Directions for this task: Everything in the listing below should be repeated exactly, apart from the pictures.

Data records:

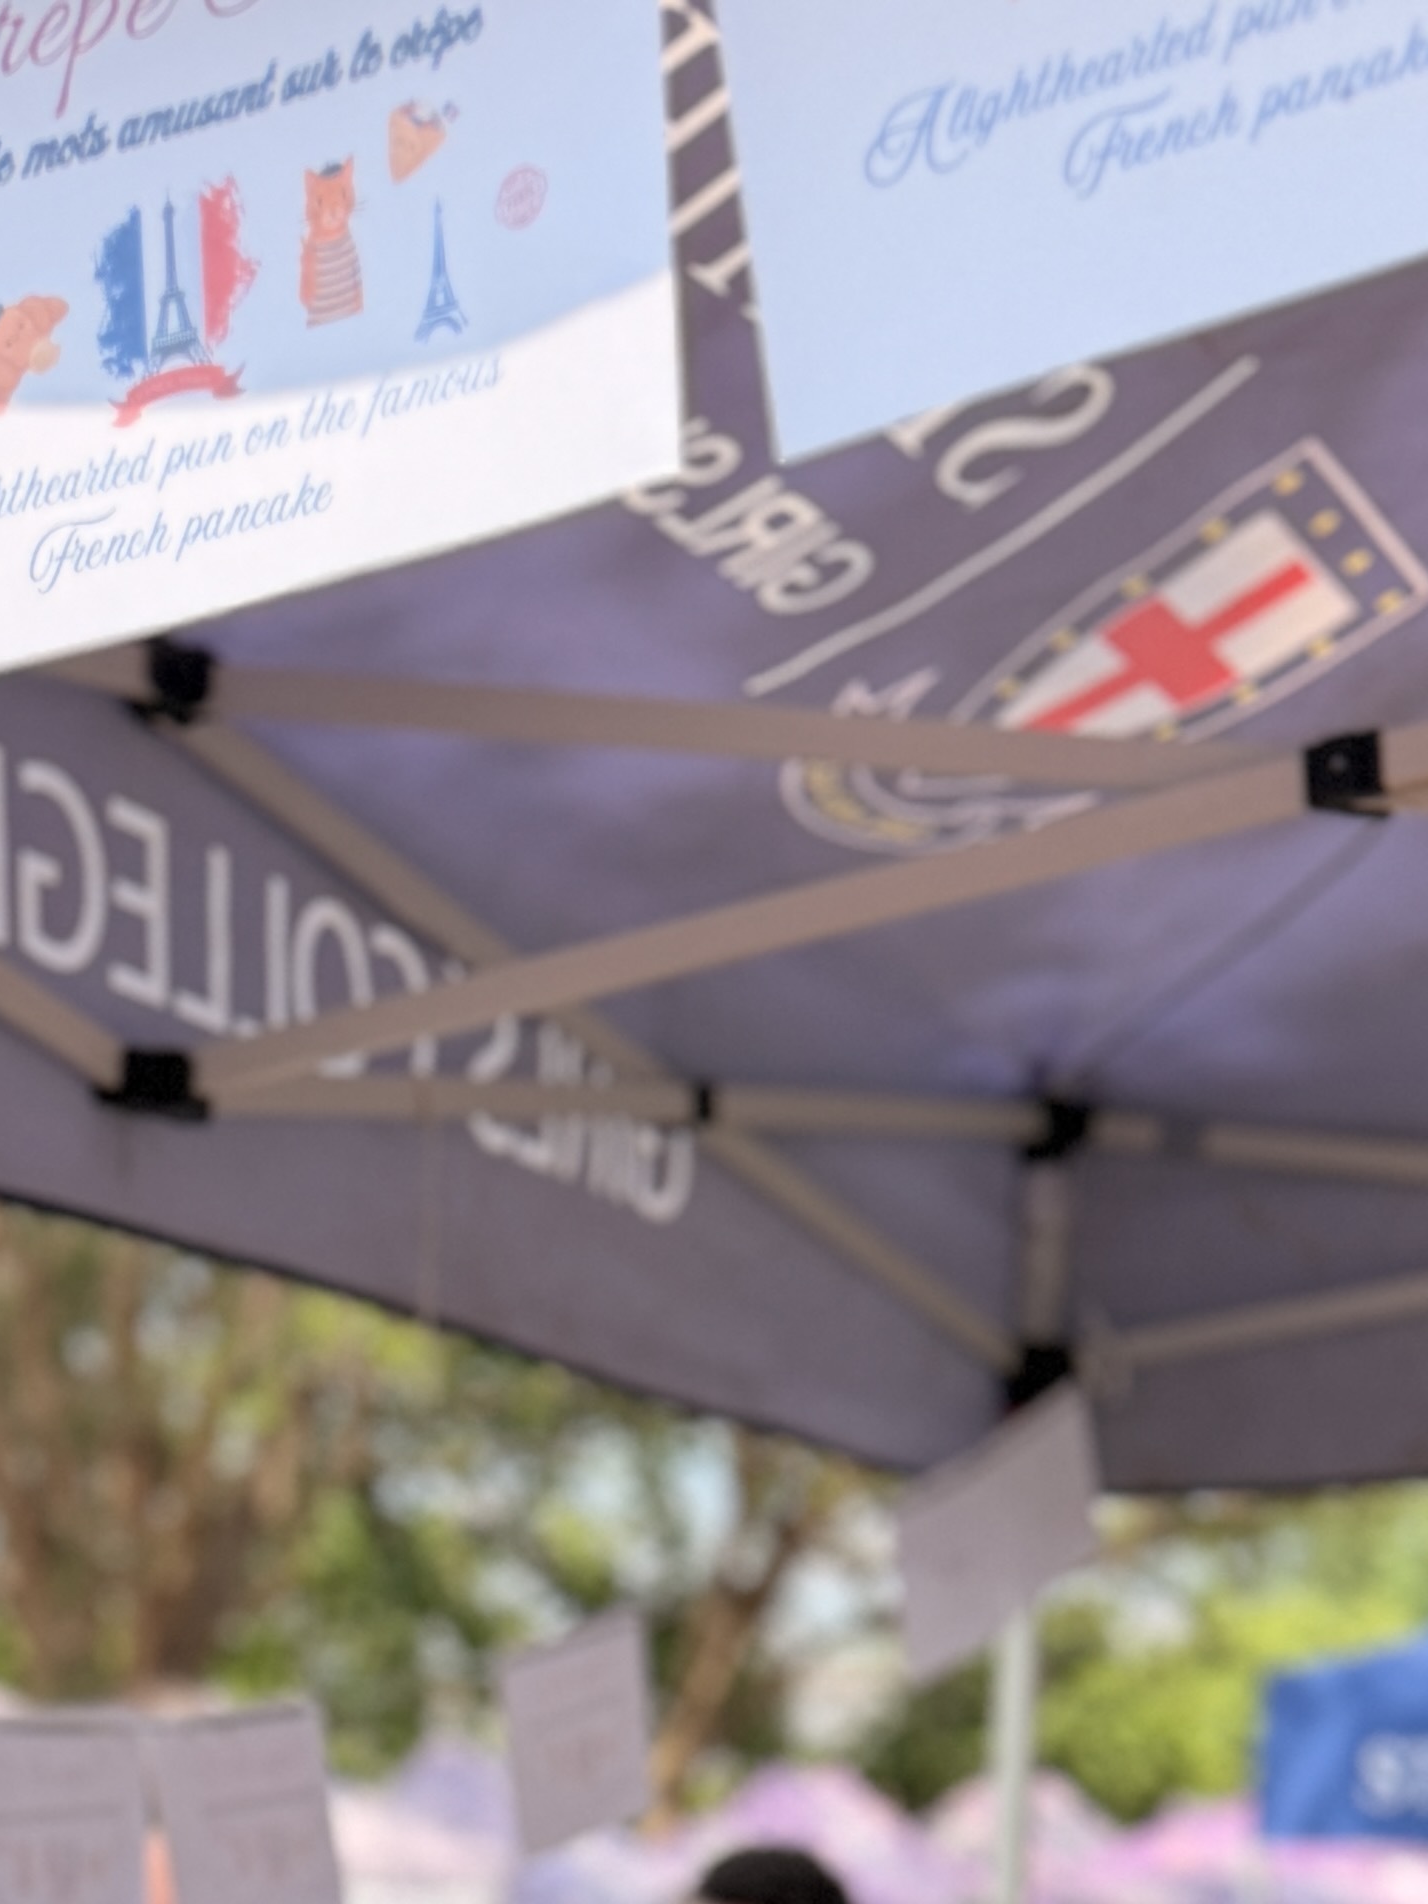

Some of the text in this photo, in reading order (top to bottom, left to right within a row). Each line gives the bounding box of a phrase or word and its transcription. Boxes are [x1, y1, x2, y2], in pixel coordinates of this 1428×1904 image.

[23, 111, 111, 177] mots
[117, 58, 280, 151] amusant
[1063, 85, 1242, 200] French
[159, 428, 236, 491] pun
[244, 415, 293, 457] on
[299, 393, 358, 448] the
[361, 352, 505, 439] famous
[28, 473, 335, 595] French pancake

Final answer:
Some of the text in this photo, in reading order (top to bottom, left to right within a row). Each line gives the bounding box of a phrase or word and its transcription. Boxes are [x1, y1, x2, y2], in pixel coordinates of this 1428×1904 image.

[23, 111, 111, 177] mots
[117, 58, 280, 151] amusant
[1063, 85, 1242, 200] French
[159, 428, 236, 491] pun
[244, 415, 293, 457] on
[299, 393, 358, 448] the
[361, 352, 505, 439] famous
[28, 473, 335, 595] French pancake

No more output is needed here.